Scientists in New South Wales have warned that job cuts in forestry research will significantly damage environmental work in the state, The Sydney Morning Herald reported on 23 August.

According to the newspaper, the state government is cutting 11 jobs from its Forest Science Centre, which is run by the Department of Primary Industries. These include senior science positions and account for half the centre’s full-time workforce.

Mike Archer, a professor of biological science at the University of New South Wales and a former director of the Australian Museum, told the newspaper that the move would ”cut the throat of the expertise that is generating so much information that we need now. This is not the group to sacrifice.”

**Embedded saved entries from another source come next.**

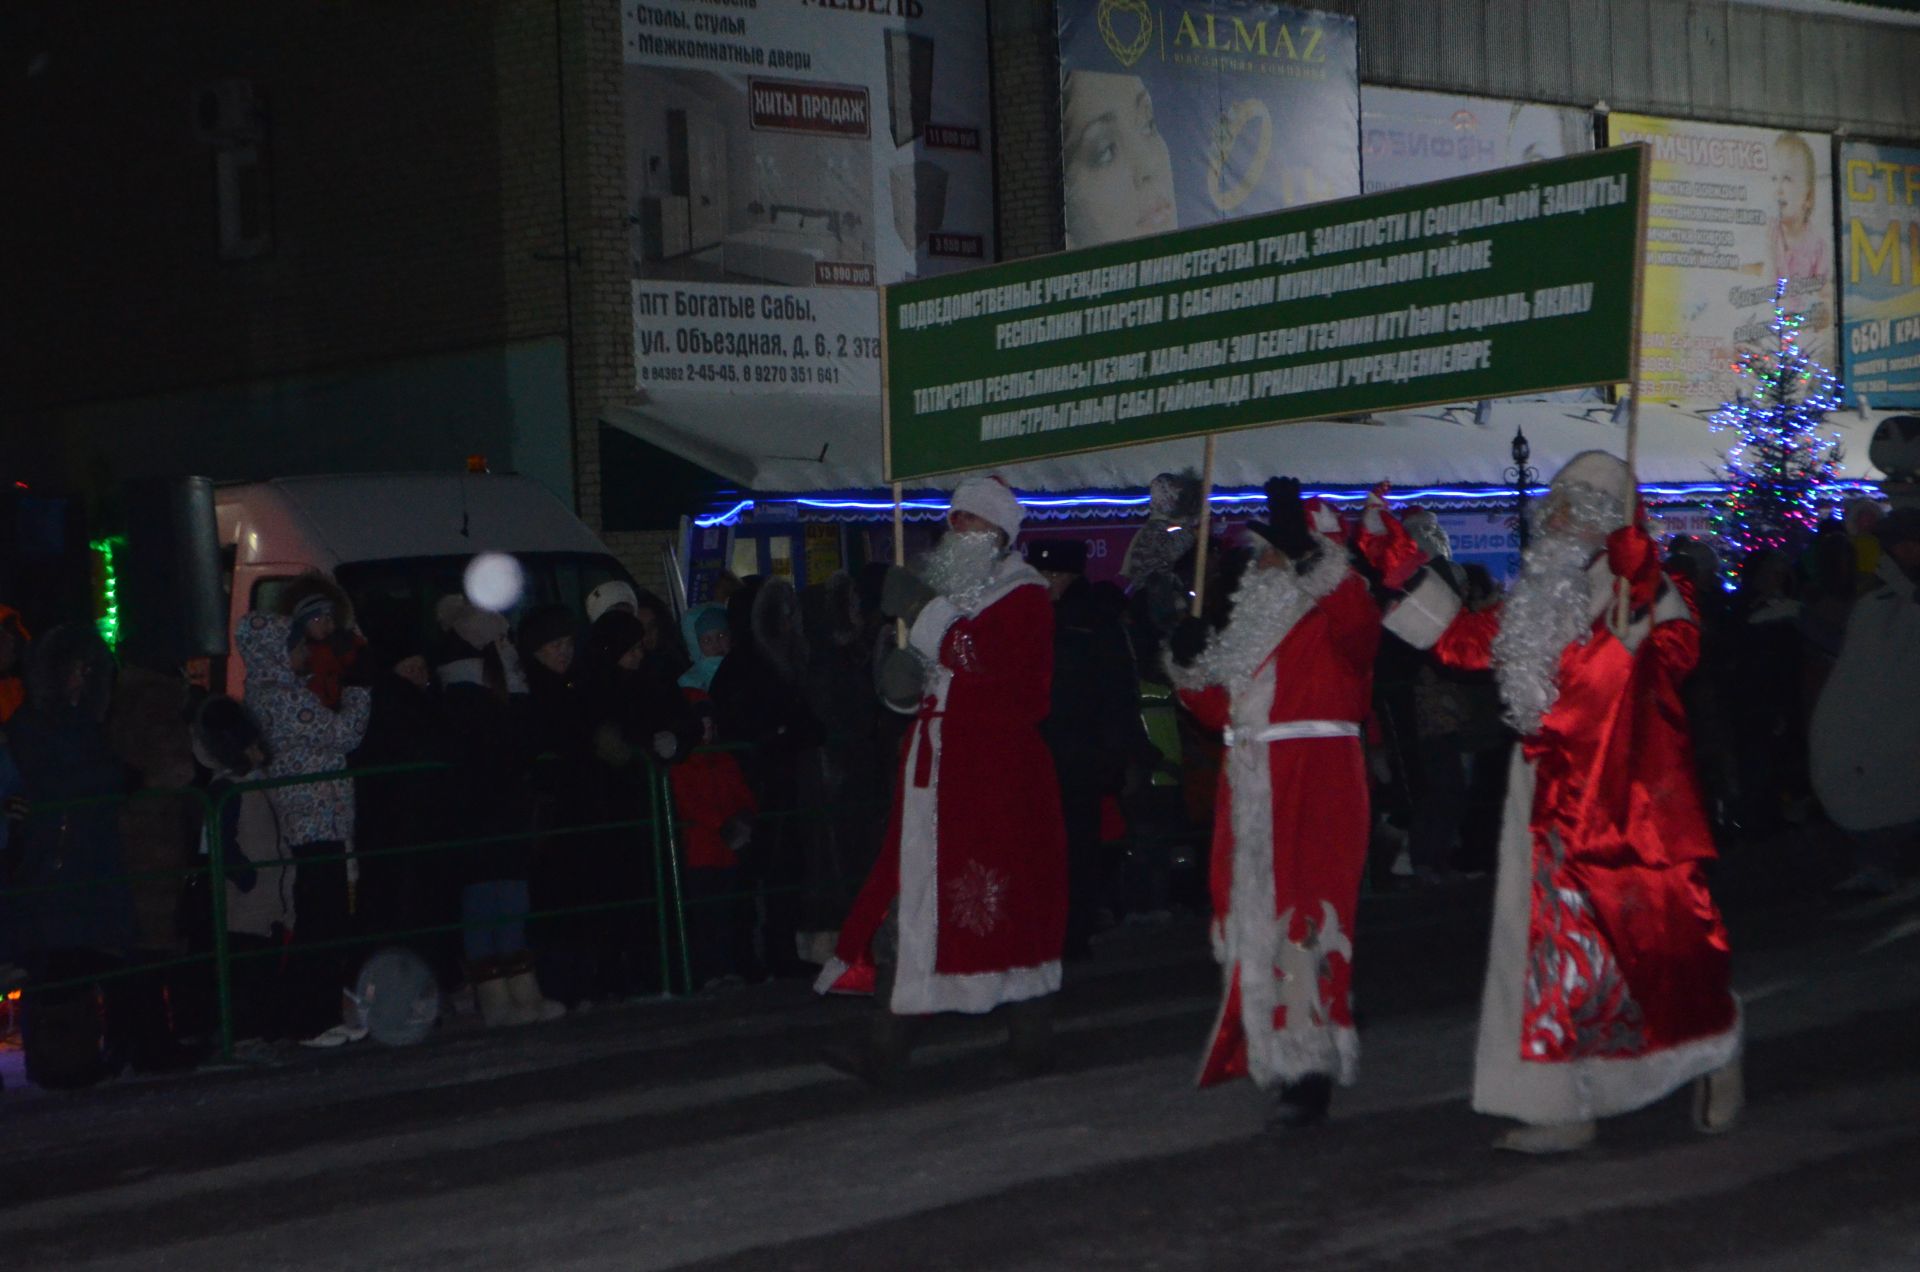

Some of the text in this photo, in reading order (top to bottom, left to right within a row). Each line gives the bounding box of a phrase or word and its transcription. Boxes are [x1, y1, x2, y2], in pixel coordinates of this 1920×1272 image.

[694, 14, 746, 36] стулья
[1173, 10, 1327, 63] ALMAZ
[639, 33, 812, 70] Межкомнатные двери
[754, 90, 866, 123] ХИТЫ ПРОДАЖ
[899, 173, 1627, 330] ПОДВЕДОМСТВЕННЫЕ УЧРЕЖДЕНИЯ МИНИСТЕРСТВА ТРУДА, ЗАНЯТОСТИ И СОЦИАЛЬНОЙ ЗАЩИТЫ
[640, 291, 817, 323] пгт Богатые Сабы,
[996, 239, 1492, 350] РЕСПУБЛИКИ ТАТАРСТАН В САБИНСКОМ МУНИЦИПАЛЬНОМ РАЙОНЕ
[641, 331, 670, 356] ул.
[676, 329, 788, 359] Объездная,
[792, 338, 809, 360] д.
[836, 335, 849, 357] 2
[853, 336, 881, 360] эта
[913, 379, 984, 415] ТАТАРСТАН
[985, 360, 1093, 403] РЕСПУБЛИКАСЫ
[1229, 333, 1257, 364] ЭШ
[1447, 292, 1531, 332] СОЦИАЛЬ
[1852, 318, 1890, 355] ОБОИ
[755, 365, 787, 383] 9270
[790, 366, 812, 384] 351
[817, 367, 839, 384] 641
[1117, 388, 1155, 420] САБА

He added that scientists at the centre—who specialise in sustainable forestry and agriculture—work on long-term projects for 10 or 20 years.

“They are producing understanding about changes in the land resulting from the way we use it in a way that no other researchers can demonstrate because none of the rest of us have this capacity to do these kinds of long-term studies,” he said. “And it is long-term studies that are precisely what we need at this point.”

Peter Banks, president of the Royal Zoological Society of NSW, has also written to members, calling on them to appeal against the decision by writing to ministers, the Herald reported.

Katrina Hodgkinson, the minister for primary industries, told the newspaper that the decision was made after four years of “benchmarking” against commercial forestry companies and that AU$1.5 million would still be spent on research.